▸ ACTIVITY
Exactly as written, transcribe the data that follows.

Phrase grounding data

=== Section Start ===

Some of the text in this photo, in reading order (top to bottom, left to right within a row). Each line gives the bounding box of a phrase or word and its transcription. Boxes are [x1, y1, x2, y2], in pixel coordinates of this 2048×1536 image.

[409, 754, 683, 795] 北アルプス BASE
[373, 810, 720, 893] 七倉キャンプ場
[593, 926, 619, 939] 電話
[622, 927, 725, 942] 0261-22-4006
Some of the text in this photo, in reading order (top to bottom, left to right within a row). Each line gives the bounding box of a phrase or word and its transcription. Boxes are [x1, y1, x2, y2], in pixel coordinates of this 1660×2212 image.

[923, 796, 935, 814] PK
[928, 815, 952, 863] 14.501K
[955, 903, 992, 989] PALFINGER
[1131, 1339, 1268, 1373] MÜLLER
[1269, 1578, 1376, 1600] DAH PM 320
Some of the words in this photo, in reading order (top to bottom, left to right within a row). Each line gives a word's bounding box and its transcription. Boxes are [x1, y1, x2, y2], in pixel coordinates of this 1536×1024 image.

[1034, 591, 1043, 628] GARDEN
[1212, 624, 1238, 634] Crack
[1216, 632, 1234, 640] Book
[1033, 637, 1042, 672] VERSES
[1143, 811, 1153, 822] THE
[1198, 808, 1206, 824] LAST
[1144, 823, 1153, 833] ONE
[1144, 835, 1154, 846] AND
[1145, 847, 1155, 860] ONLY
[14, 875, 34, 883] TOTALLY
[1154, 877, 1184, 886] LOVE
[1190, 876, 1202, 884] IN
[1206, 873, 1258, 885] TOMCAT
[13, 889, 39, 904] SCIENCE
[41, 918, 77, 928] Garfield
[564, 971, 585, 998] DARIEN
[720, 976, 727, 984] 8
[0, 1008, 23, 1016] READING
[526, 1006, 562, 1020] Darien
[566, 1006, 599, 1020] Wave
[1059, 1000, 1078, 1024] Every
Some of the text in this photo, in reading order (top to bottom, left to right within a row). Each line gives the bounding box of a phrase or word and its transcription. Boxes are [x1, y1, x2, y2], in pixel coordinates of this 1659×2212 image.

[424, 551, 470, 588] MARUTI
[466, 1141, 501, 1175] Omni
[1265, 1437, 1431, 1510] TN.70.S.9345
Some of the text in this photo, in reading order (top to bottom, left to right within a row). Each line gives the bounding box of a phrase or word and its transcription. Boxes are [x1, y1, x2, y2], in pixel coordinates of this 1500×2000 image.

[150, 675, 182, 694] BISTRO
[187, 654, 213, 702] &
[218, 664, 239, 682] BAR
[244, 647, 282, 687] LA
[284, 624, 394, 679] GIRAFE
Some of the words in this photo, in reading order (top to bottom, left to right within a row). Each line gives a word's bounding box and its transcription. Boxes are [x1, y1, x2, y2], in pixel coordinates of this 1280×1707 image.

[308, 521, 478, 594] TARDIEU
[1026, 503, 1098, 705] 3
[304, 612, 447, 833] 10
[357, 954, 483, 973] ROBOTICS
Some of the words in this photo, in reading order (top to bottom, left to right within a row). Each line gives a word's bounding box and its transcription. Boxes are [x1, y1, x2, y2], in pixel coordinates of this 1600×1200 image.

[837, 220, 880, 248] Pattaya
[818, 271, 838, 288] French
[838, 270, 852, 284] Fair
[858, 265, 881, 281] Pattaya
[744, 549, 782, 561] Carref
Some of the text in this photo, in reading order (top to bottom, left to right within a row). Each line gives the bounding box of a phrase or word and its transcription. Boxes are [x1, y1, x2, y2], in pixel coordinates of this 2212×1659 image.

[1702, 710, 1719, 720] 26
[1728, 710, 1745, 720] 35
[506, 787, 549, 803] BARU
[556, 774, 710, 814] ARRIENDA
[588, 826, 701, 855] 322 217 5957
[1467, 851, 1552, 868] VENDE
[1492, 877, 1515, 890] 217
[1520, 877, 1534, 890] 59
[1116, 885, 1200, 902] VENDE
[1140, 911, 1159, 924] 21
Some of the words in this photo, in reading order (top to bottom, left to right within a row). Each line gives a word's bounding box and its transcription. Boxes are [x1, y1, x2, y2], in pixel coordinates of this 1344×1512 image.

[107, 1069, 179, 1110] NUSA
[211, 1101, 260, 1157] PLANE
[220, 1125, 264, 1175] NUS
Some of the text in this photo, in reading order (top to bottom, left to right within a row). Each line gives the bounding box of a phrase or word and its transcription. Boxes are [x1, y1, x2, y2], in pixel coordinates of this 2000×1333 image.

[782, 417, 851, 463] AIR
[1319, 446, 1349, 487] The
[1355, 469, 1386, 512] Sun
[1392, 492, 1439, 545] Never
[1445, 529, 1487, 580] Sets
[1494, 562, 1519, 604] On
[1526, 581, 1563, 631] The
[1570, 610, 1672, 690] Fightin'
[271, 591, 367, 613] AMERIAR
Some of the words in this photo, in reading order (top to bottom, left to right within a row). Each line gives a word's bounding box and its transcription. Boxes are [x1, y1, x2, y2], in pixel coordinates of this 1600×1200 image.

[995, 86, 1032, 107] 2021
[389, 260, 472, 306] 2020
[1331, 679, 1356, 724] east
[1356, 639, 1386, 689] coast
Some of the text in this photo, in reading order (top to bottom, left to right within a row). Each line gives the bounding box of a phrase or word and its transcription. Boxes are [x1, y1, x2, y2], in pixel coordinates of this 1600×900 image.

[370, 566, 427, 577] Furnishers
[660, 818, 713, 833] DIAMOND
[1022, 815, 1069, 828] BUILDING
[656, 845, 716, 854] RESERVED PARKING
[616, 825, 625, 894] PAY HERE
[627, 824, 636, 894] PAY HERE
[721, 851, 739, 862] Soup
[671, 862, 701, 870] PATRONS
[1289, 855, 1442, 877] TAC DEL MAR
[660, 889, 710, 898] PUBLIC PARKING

=== Section End ===

▸ EXERCISE ANSWER
Some of the text in this photo, in reading order (top to bottom, left to right within a row). Each line gives the bounding box of a phrase or word and its transcription. Boxes are [x1, y1, x2, y2], in pixel coordinates of this 2048×1536 image.

[409, 754, 683, 795] 北アルプス BASE
[373, 810, 720, 893] 七倉キャンプ場
[593, 926, 619, 939] 電話
[622, 927, 725, 942] 0261-22-4006
Some of the text in this photo, in reading order (top to bottom, left to right within a row). Each line gives the bounding box of a phrase or word and its transcription. Boxes are [x1, y1, x2, y2], in pixel coordinates of this 1660×2212 image.

[923, 796, 935, 814] PK
[928, 815, 952, 863] 14.501K
[955, 903, 992, 989] PALFINGER
[1131, 1339, 1268, 1373] MÜLLER
[1269, 1578, 1376, 1600] DAH PM 320
Some of the words in this photo, in reading order (top to bottom, left to right within a row). Each line gives a word's bounding box and its transcription. Boxes are [x1, y1, x2, y2], in pixel coordinates of this 1536×1024 image.

[1034, 591, 1043, 628] GARDEN
[1212, 624, 1238, 634] Crack
[1216, 632, 1234, 640] Book
[1033, 637, 1042, 672] VERSES
[1143, 811, 1153, 822] THE
[1198, 808, 1206, 824] LAST
[1144, 823, 1153, 833] ONE
[1144, 835, 1154, 846] AND
[1145, 847, 1155, 860] ONLY
[14, 875, 34, 883] TOTALLY
[1154, 877, 1184, 886] LOVE
[1190, 876, 1202, 884] IN
[1206, 873, 1258, 885] TOMCAT
[13, 889, 39, 904] SCIENCE
[41, 918, 77, 928] Garfield
[564, 971, 585, 998] DARIEN
[720, 976, 727, 984] 8
[0, 1008, 23, 1016] READING
[526, 1006, 562, 1020] Darien
[566, 1006, 599, 1020] Wave
[1059, 1000, 1078, 1024] Every
Some of the text in this photo, in reading order (top to bottom, left to right within a row). Each line gives the bounding box of a phrase or word and its transcription. Boxes are [x1, y1, x2, y2], in pixel coordinates of this 1659×2212 image.

[424, 551, 470, 588] MARUTI
[466, 1141, 501, 1175] Omni
[1265, 1437, 1431, 1510] TN.70.S.9345
Some of the text in this photo, in reading order (top to bottom, left to right within a row). Each line gives the bounding box of a phrase or word and its transcription. Boxes are [x1, y1, x2, y2], in pixel coordinates of this 1500×2000 image.

[150, 675, 182, 694] BISTRO
[187, 654, 213, 702] &
[218, 664, 239, 682] BAR
[244, 647, 282, 687] LA
[284, 624, 394, 679] GIRAFE
Some of the words in this photo, in reading order (top to bottom, left to right within a row). Each line gives a word's bounding box and its transcription. Boxes are [x1, y1, x2, y2], in pixel coordinates of this 1280×1707 image.

[308, 521, 478, 594] TARDIEU
[1026, 503, 1098, 705] 3
[304, 612, 447, 833] 10
[357, 954, 483, 973] ROBOTICS
Some of the words in this photo, in reading order (top to bottom, left to right within a row). Each line gives a word's bounding box and its transcription. Boxes are [x1, y1, x2, y2], in pixel coordinates of this 1600×1200 image.

[837, 220, 880, 248] Pattaya
[818, 271, 838, 288] French
[838, 270, 852, 284] Fair
[858, 265, 881, 281] Pattaya
[744, 549, 782, 561] Carref
Some of the text in this photo, in reading order (top to bottom, left to right within a row). Each line gives the bounding box of a phrase or word and its transcription. Boxes are [x1, y1, x2, y2], in pixel coordinates of this 2212×1659 image.

[1702, 710, 1719, 720] 26
[1728, 710, 1745, 720] 35
[506, 787, 549, 803] BARU
[556, 774, 710, 814] ARRIENDA
[588, 826, 701, 855] 322 217 5957
[1467, 851, 1552, 868] VENDE
[1492, 877, 1515, 890] 217
[1520, 877, 1534, 890] 59
[1116, 885, 1200, 902] VENDE
[1140, 911, 1159, 924] 21
Some of the words in this photo, in reading order (top to bottom, left to right within a row). Each line gives a word's bounding box and its transcription. Boxes are [x1, y1, x2, y2], in pixel coordinates of this 1344×1512 image.

[107, 1069, 179, 1110] NUSA
[211, 1101, 260, 1157] PLANE
[220, 1125, 264, 1175] NUS
Some of the text in this photo, in reading order (top to bottom, left to right within a row). Each line gives the bounding box of a phrase or word and its transcription. Boxes are [x1, y1, x2, y2], in pixel coordinates of this 2000×1333 image.

[782, 417, 851, 463] AIR
[1319, 446, 1349, 487] The
[1355, 469, 1386, 512] Sun
[1392, 492, 1439, 545] Never
[1445, 529, 1487, 580] Sets
[1494, 562, 1519, 604] On
[1526, 581, 1563, 631] The
[1570, 610, 1672, 690] Fightin'
[271, 591, 367, 613] AMERIAR
Some of the words in this photo, in reading order (top to bottom, left to right within a row). Each line gives a word's bounding box and its transcription. Boxes are [x1, y1, x2, y2], in pixel coordinates of this 1600×1200 image.

[995, 86, 1032, 107] 2021
[389, 260, 472, 306] 2020
[1331, 679, 1356, 724] east
[1356, 639, 1386, 689] coast
Some of the text in this photo, in reading order (top to bottom, left to right within a row). Each line gives the bounding box of a phrase or word and its transcription. Boxes are [x1, y1, x2, y2], in pixel coordinates of this 1600×900 image.

[370, 566, 427, 577] Furnishers
[660, 818, 713, 833] DIAMOND
[1022, 815, 1069, 828] BUILDING
[656, 845, 716, 854] RESERVED PARKING
[616, 825, 625, 894] PAY HERE
[627, 824, 636, 894] PAY HERE
[721, 851, 739, 862] Soup
[671, 862, 701, 870] PATRONS
[1289, 855, 1442, 877] TAC DEL MAR
[660, 889, 710, 898] PUBLIC PARKING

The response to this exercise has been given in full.